Text-to-region grounding data
----------------

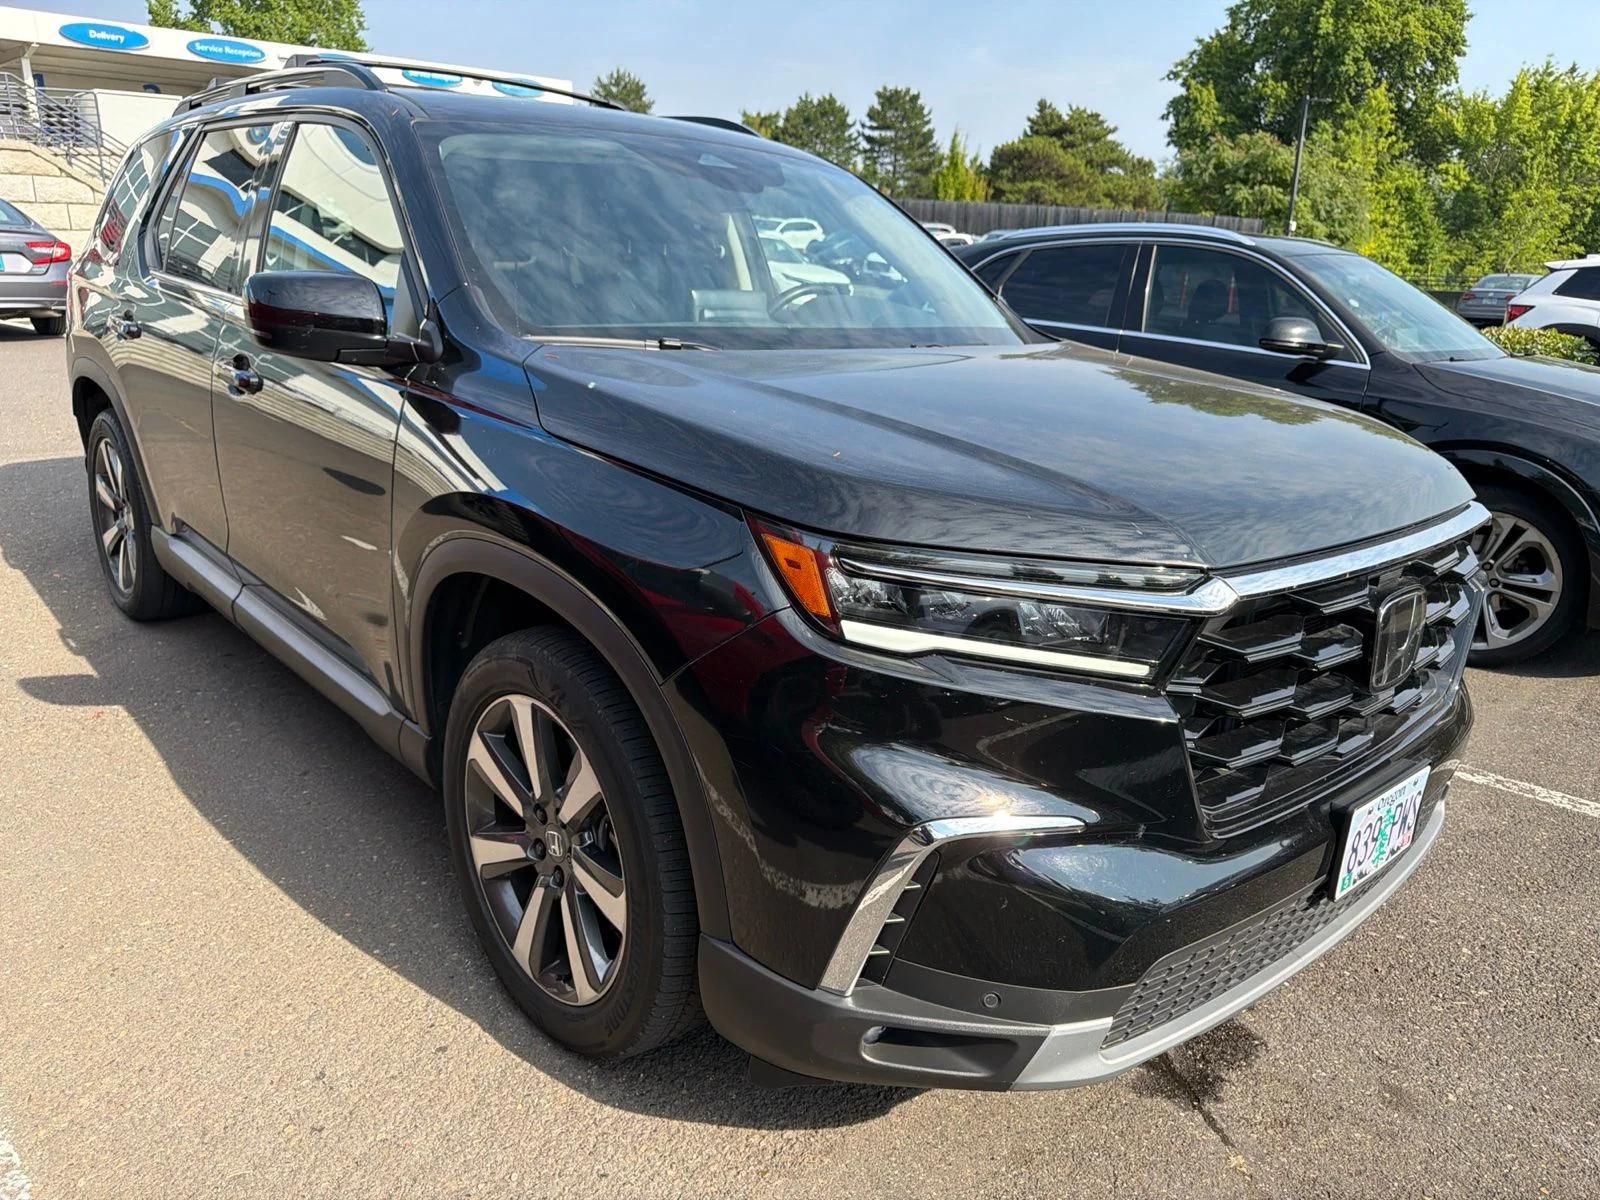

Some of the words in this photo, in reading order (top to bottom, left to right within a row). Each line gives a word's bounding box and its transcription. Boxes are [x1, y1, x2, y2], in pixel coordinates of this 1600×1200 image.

[88, 29, 125, 43] Delivery
[194, 42, 223, 54] Service
[224, 46, 261, 59] Reception
[1346, 816, 1383, 874] 839

----------------

Write out the whole of the data exactly; the pictures stay out.

### REPLY TO THE EXERCISE:
Some of the words in this photo, in reading order (top to bottom, left to right within a row). Each line gives a word's bounding box and its transcription. Boxes are [x1, y1, x2, y2], in pixel coordinates of this 1600×1200 image.

[88, 29, 125, 43] Delivery
[194, 42, 223, 54] Service
[224, 46, 261, 59] Reception
[1346, 816, 1383, 874] 839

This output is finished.